Other publications have reported using deep learning to predict dose for breast cancer radiotherapy. One group used the 95% dose area from the manually planned treatment as an input to the dose prediction, which precludes its use for automated planning33. Five other works reported needing contours of a PTV of the breast as an input to the prediction model17,19,20,34,35. Including a PTV contour as input to our model would have likely improved our dose prediction accuracy since it would draw the model’s attention to where the high dose region should be. However, like many clinics, it is not our practice to manually create PTVs for the whole breast for tangent field treatments. Adding this as a step in our clinical workflow solely to facilitate automated planning would detract from the efficiency gains of such a system. As such, we only include inputs that are readily available in our clinical workflow. Another advantage of our work was that the size of the training dataset, with 213 patient plans, was much greater than any other work predicting dose for breast radiation, where the training dataset sizes ranges from 35–120 patient plans.
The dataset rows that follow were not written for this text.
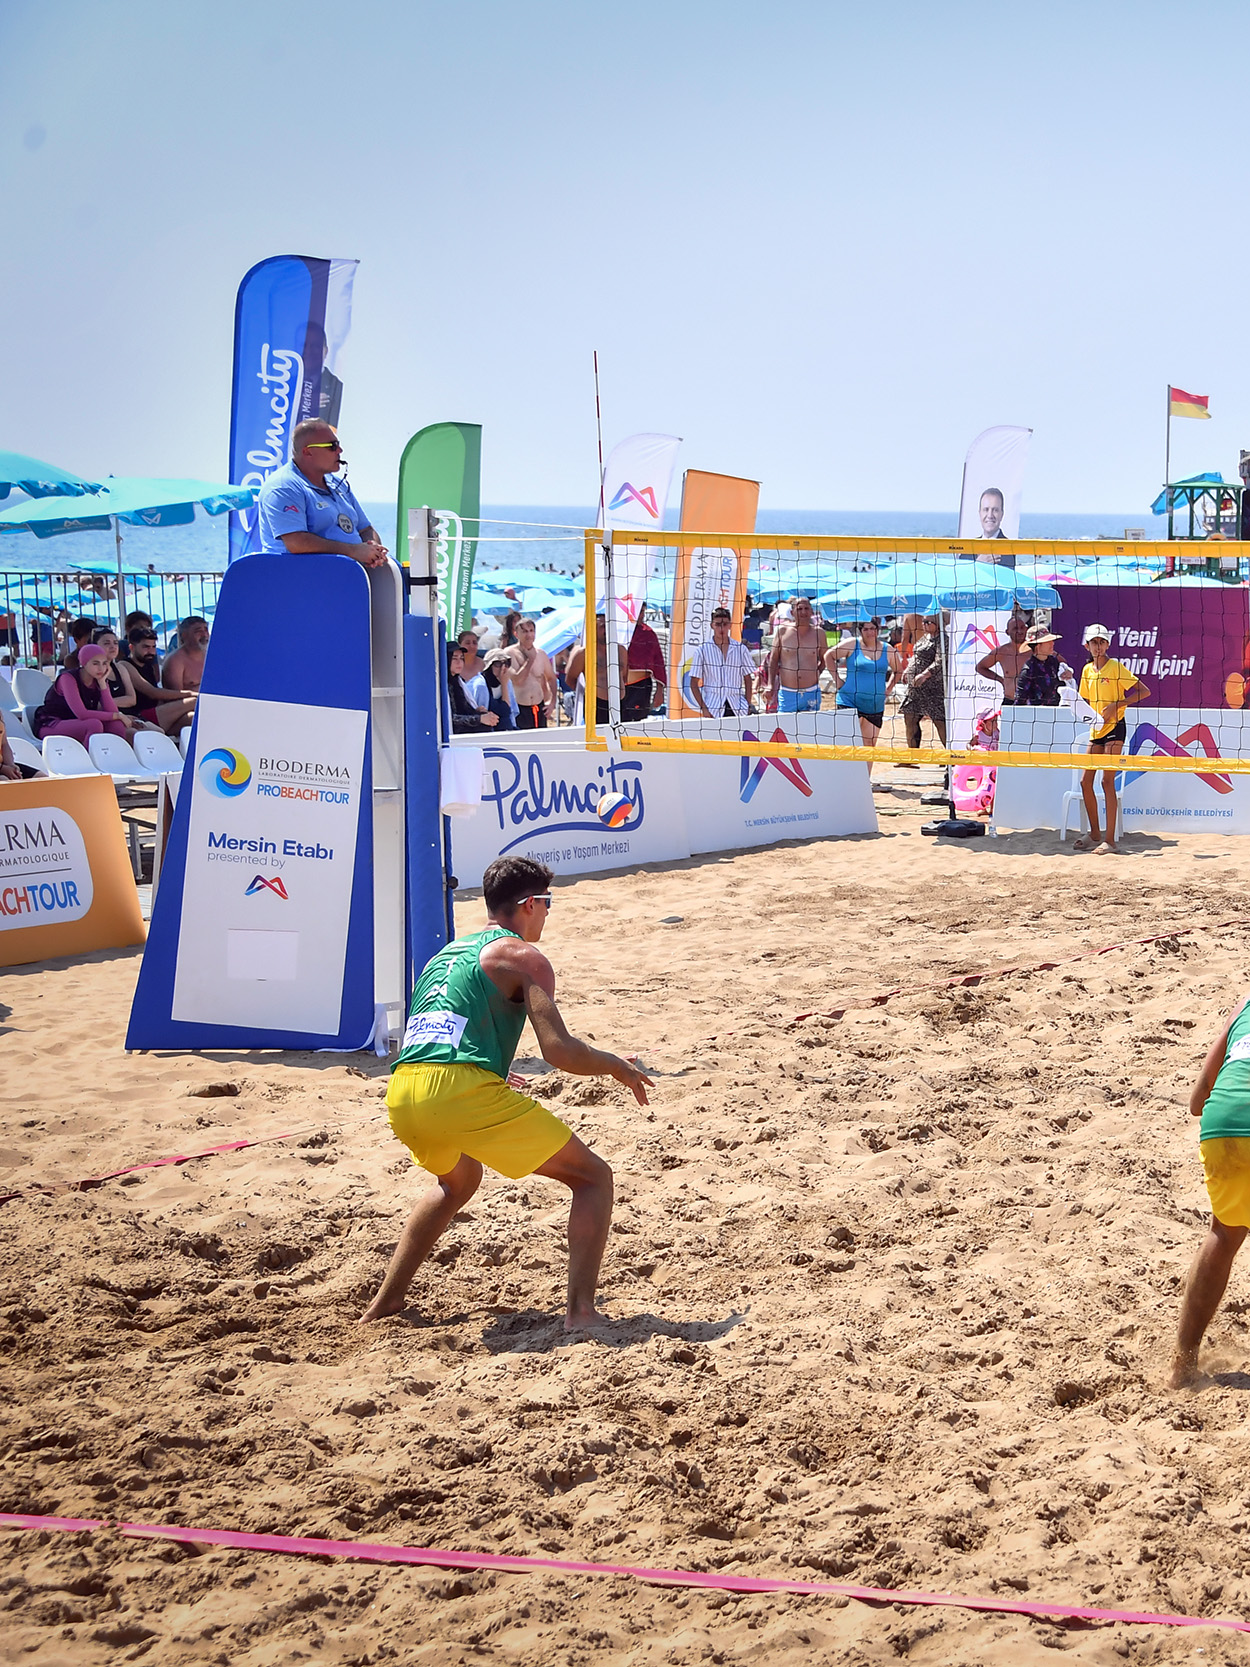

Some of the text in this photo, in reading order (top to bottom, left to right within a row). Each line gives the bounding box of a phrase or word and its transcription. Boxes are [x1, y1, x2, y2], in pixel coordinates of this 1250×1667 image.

[1118, 627, 1158, 648] Yeni
[1151, 650, 1195, 680] İçin!
[259, 757, 351, 779] BIODERMA
[256, 783, 350, 805] PROBEACHTOUR
[481, 747, 645, 833] Palmcity
[1122, 806, 1144, 815] ERSİN
[207, 831, 334, 860] Mersin Etabı
[562, 849, 571, 860] ve
[600, 840, 630, 855] Merkezi
[207, 853, 286, 870] presented by
To compare to other groups’ work, we re-ran our gamma analysis in 2D using 3%/3mm criteria for our best model, the Glowing GW-MSE model, which resulted in a mean pass rate of 92.3% (compared to 93.0% for this model with 3D gamma). These results represent an improvement over published works that report pass rates for 2D gamma (3%/3mm) between 85% and 89%.17,19,35 Bai et al17 also reported a mean DSC of 0.94 at the 80% isodose threshold compared to a mean DSC of 0.90 in this work. These results show that our model performs equivalently to these models despite the lack of PTV as input.
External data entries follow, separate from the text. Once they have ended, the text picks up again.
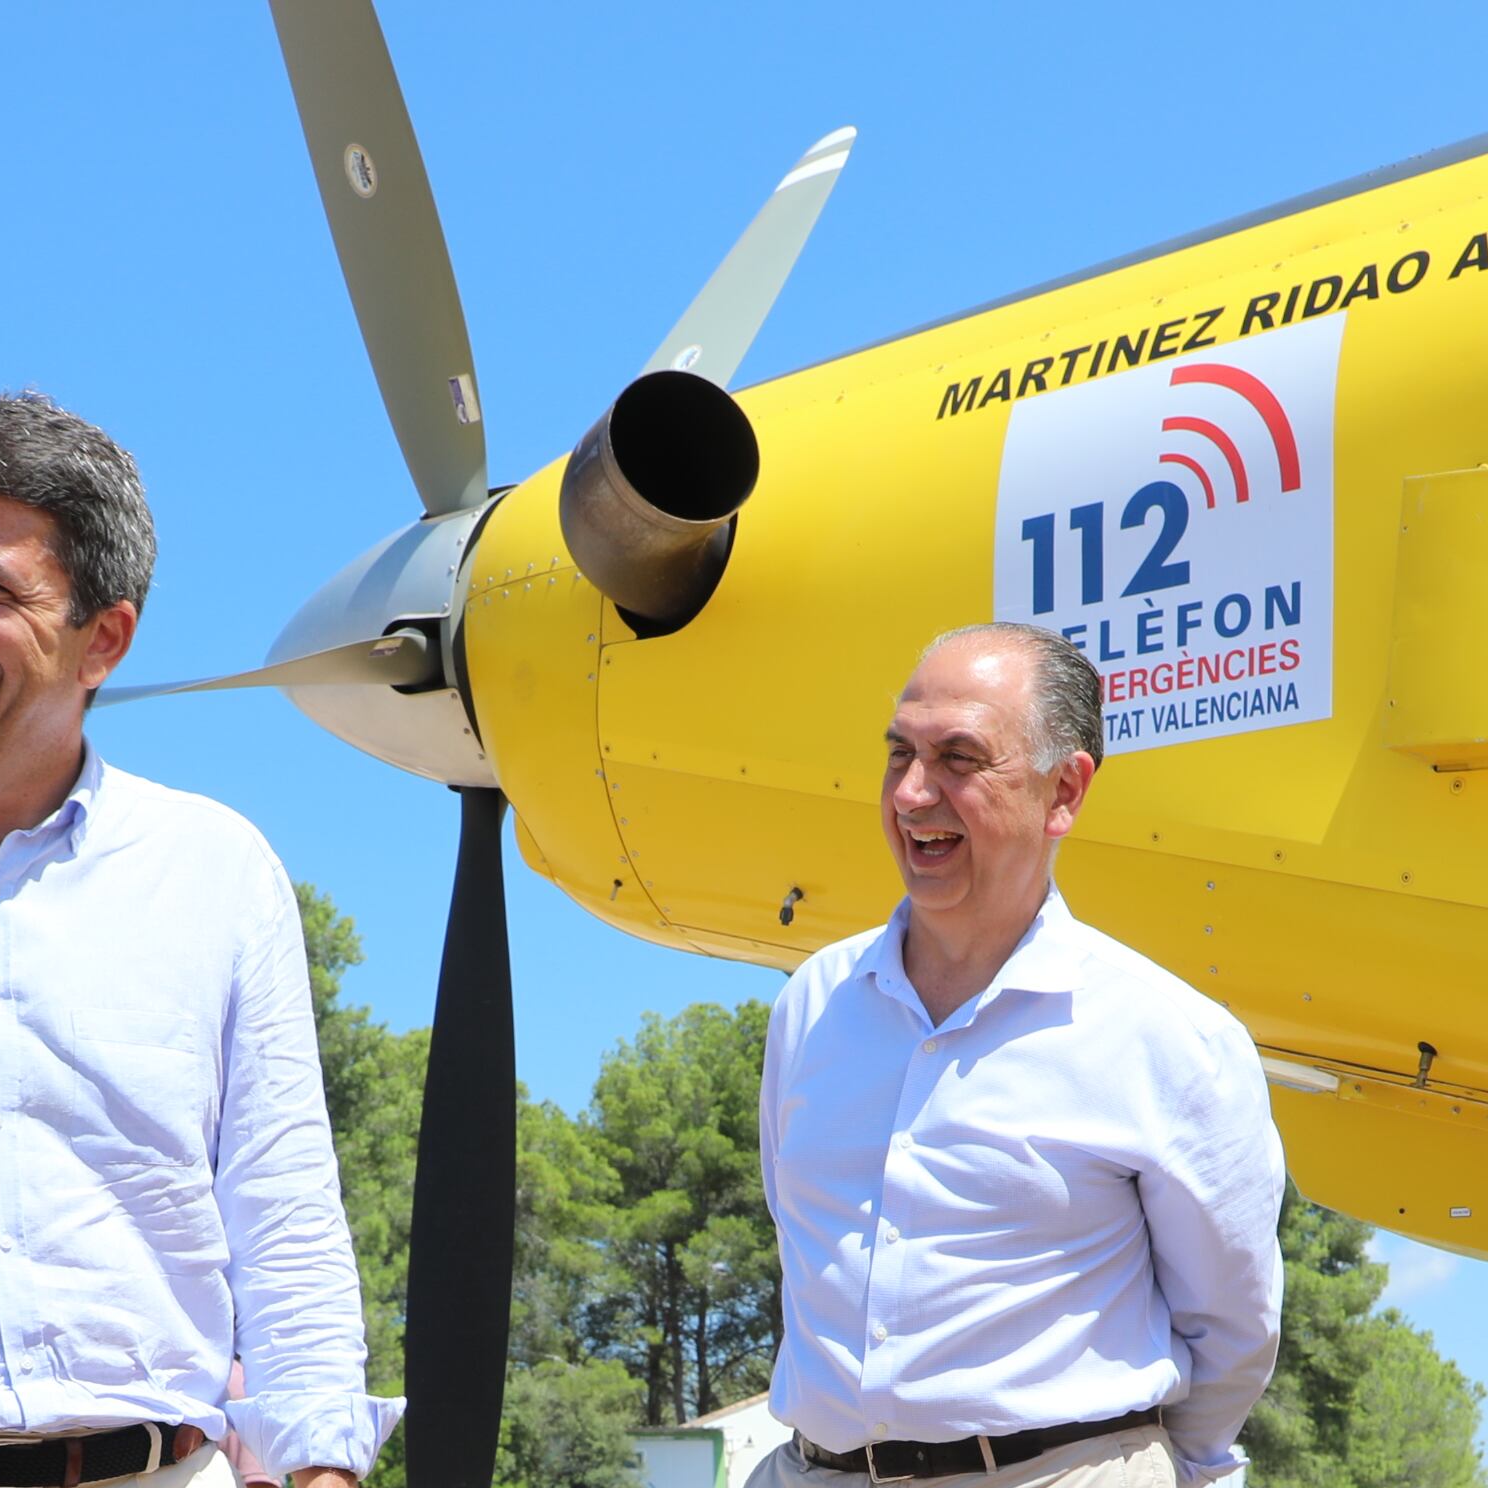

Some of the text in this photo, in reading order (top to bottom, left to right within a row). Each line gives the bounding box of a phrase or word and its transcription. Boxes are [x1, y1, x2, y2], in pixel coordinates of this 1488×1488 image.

[936, 306, 1223, 421] MARTINEZ
[1239, 249, 1430, 337] RIDAO
[1020, 480, 1191, 616] 112
[1061, 580, 1302, 663] ELÈFON
[1151, 681, 1300, 734] VALENCIANA
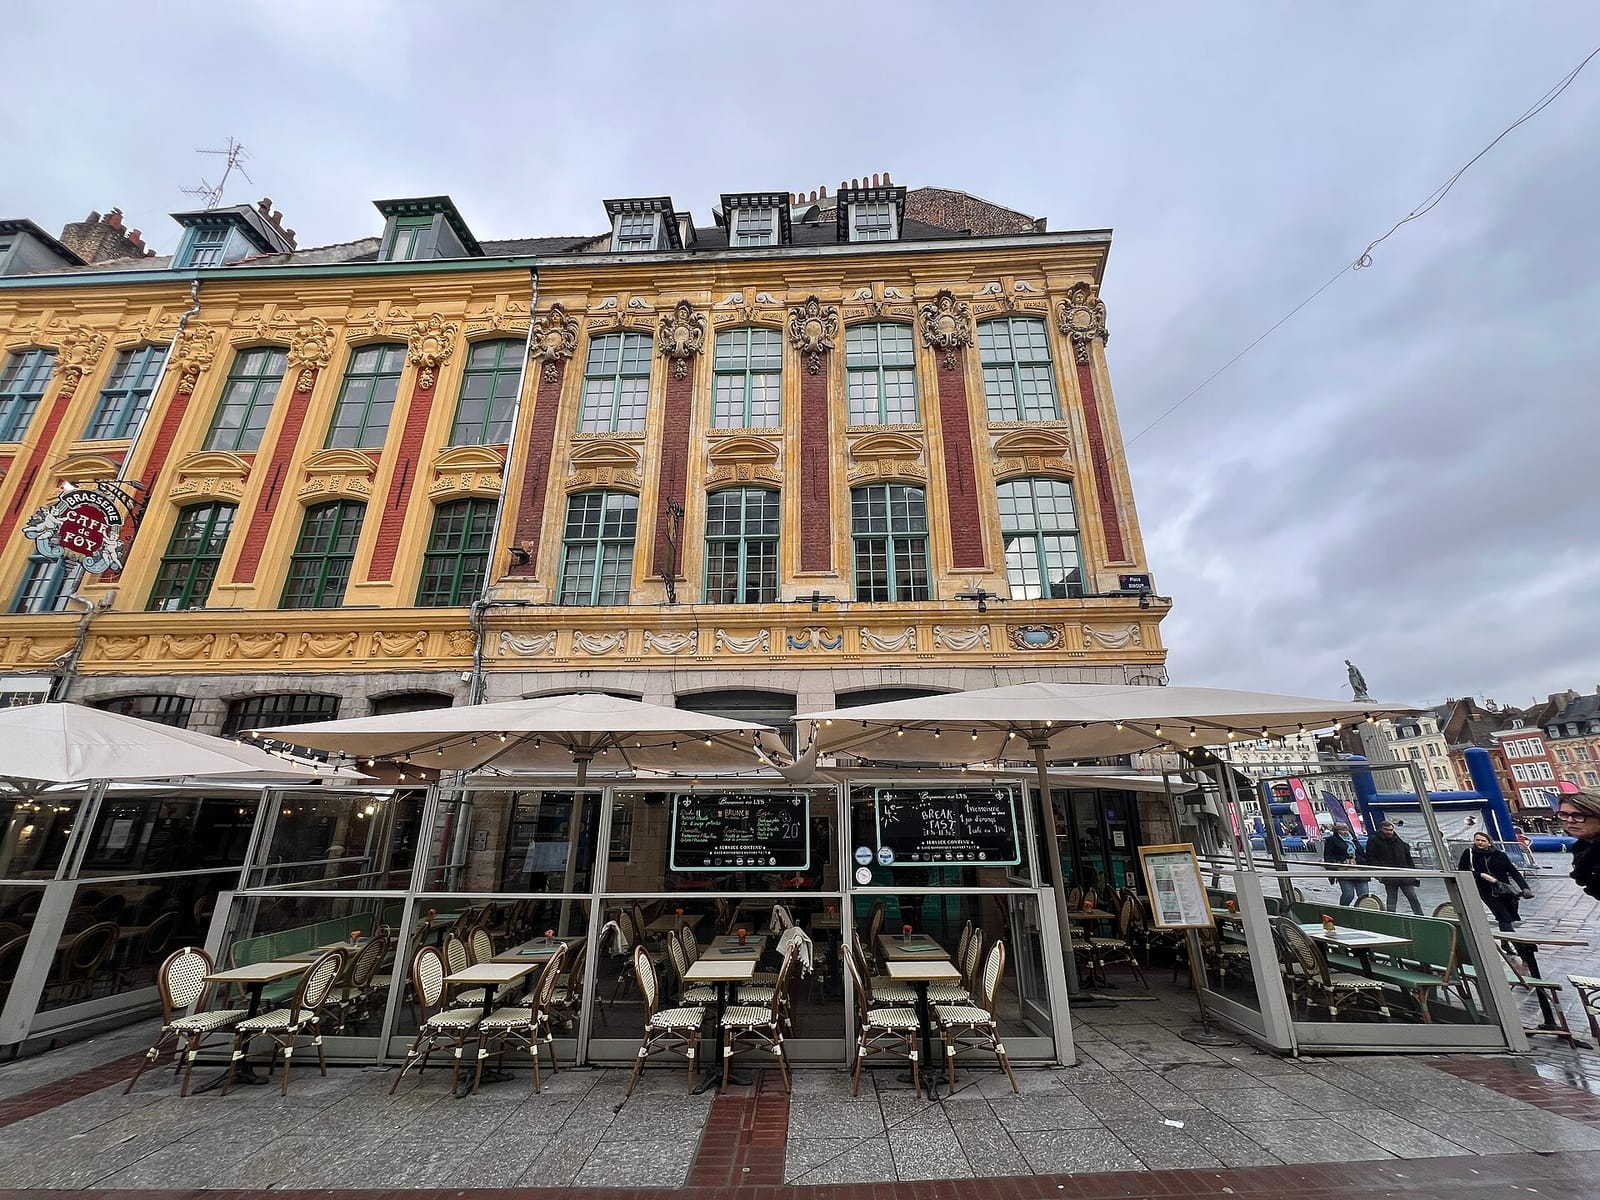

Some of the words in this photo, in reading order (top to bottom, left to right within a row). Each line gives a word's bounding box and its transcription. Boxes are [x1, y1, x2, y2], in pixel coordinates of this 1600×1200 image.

[66, 493, 118, 522] BRASSERIE
[78, 527, 90, 536] de
[64, 532, 96, 551] FOY
[930, 820, 956, 829] FAST
Other works22 in the field have also attempted to model distance from contours for all voxels in a mask. In comparison to our glowing method, these authors modeled distance from the contour using a negative Euclidian distance equation. This results in increasingly large negative values for voxels at large distances from the contour. We believe that our method, which encodes these distant voxels with very small magnitude values, is more representative of the implied importance we are attempting to model. Additionally, the linear distance method results in a non-normalized distribution of values between plans. This could adversely affect a model’s ability to incorporate this mask into the dose prediction task, whereas our glowing method ensures that values are consistently between one and zero. In future work, we will examine this method in a direct comparison with our glowing mask method.

One limitation of our study is incidental cropping of parts of the heart and lung volumes during the data preprocessing. As stated above, efforts were made to maximize the amount of patient body within the cropped images after preprocessing. However, due to variations in patient shape and size, occasionally portions of heart and lung volume were cropped out of the images. As a result, these fractions of the volume did not factor into the Dmean calculations for the OAR metrics. However, we note that these cropped fractions are always the furthest away from the target breast volume and should not have much, if any, impact on automated planning considerations. Additionally, the four models in this work we trained and evaluated on the same dataset, so any difference in OAR metrics due to cropping is the same between all models.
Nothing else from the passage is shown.